_Maro

On 8/11/2020 at 4:16 PM, bR34Kr said:

That offset is based on the class. So it's not literally 0x2ECF56 in memory, it's PlayerOffset+0x2ECF56. So yes, you need to find a way to get your player instance and then to read it you read the float stored 0x2ECF56 after that base address.

thanks.

but what are those ways to find my player instance ?

Hello

after dumping il2cpp lib with il2cppDummper and by browsing dumy dlls i found alot of useful staff

no my problem is if a var lets say health is at offset 0x2ECF56

can i read this var from memory without injecting scripts into app or mod it

if il2cpp base addres inside memory is 0x8000000 can i then read the health var from lib base addres + heallth var offset ? 

Hello,

after duming game's IL2CPP lib i found that the variable holding player badges count is at 0xEF2CC600

so what i does is 

-search for game pid (found xx)

-read /proc/xx/maps and looked for il2cpp base address (found it at 0x80000000)

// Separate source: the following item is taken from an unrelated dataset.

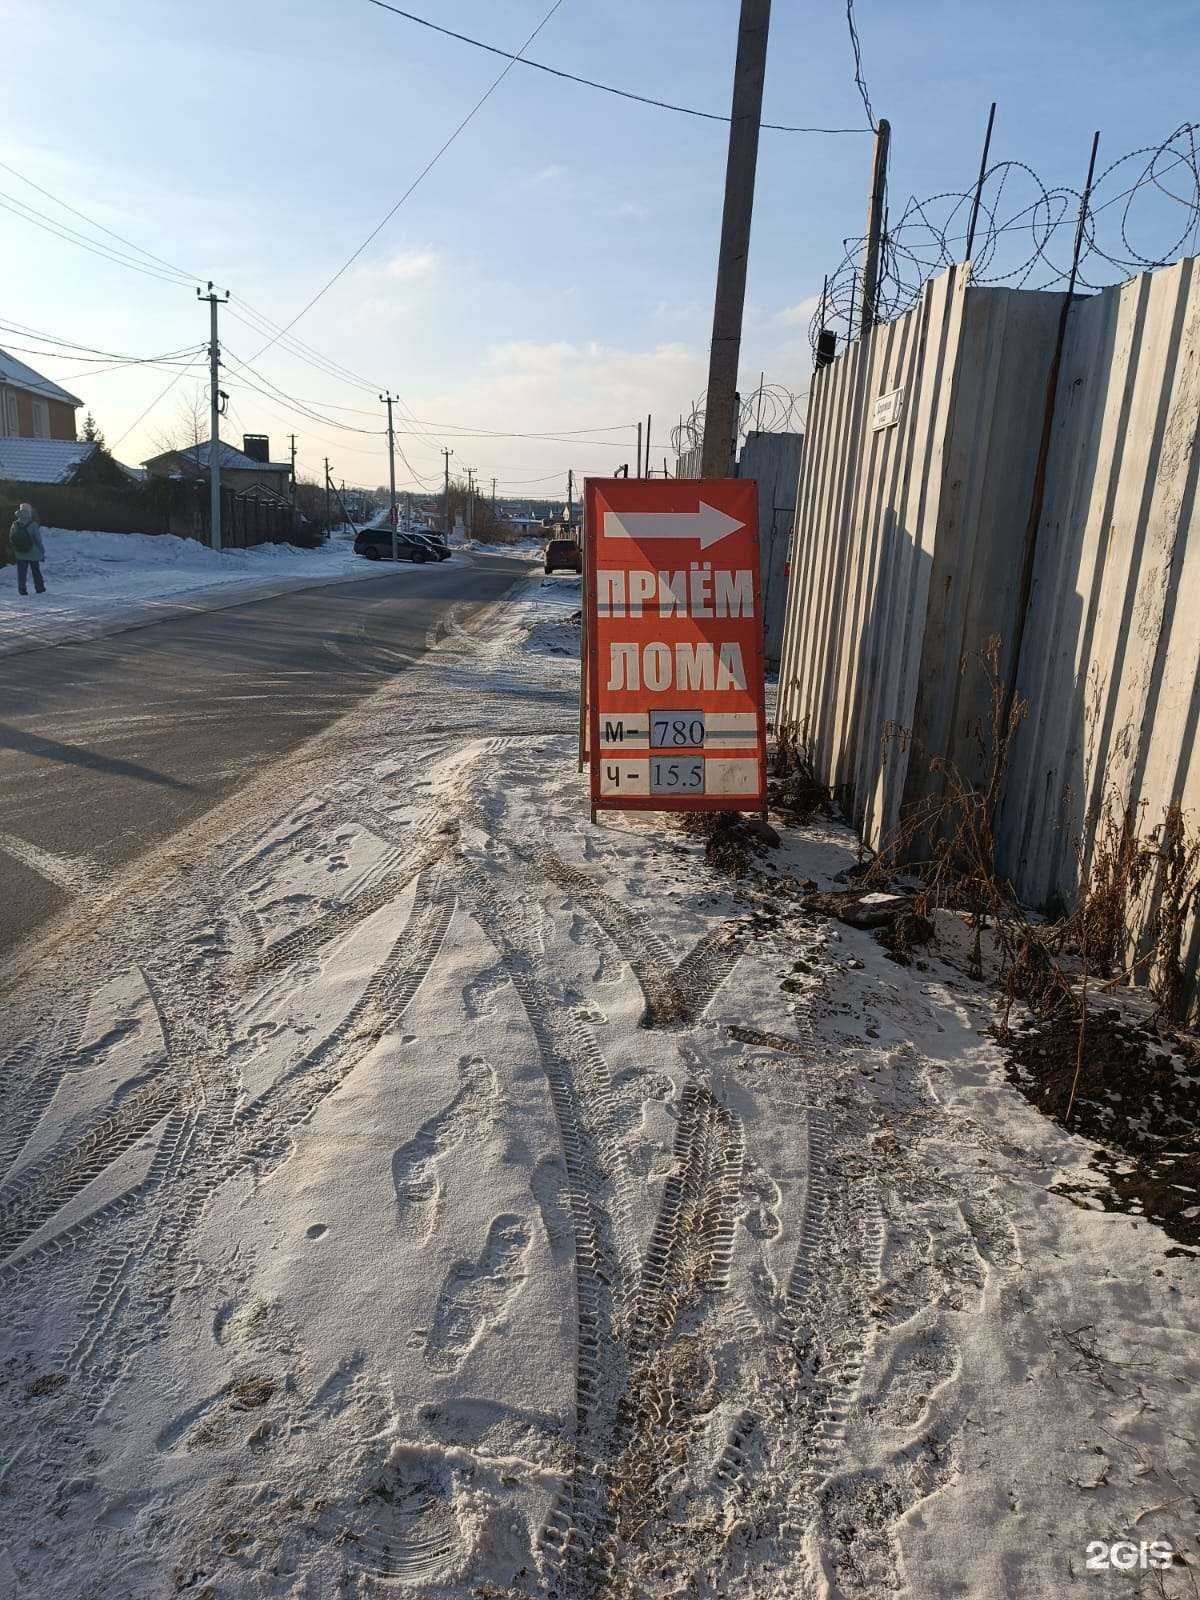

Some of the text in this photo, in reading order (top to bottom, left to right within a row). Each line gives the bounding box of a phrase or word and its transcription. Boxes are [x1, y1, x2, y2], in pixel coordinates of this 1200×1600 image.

-read /proc/xx/mem from libbaseaddr + variable offset to some length ( 4 bytes ) as my var is unit 

-but i got value different than what i was expecting

my question is am i correct ? regarding the procedure i used to search for the variable ? 

may it be what i am looking for but encrypted ? 

what do you think guys?

Edit :

please note that i'm trying to read data only and i'm not interested into decompiling app and mod it.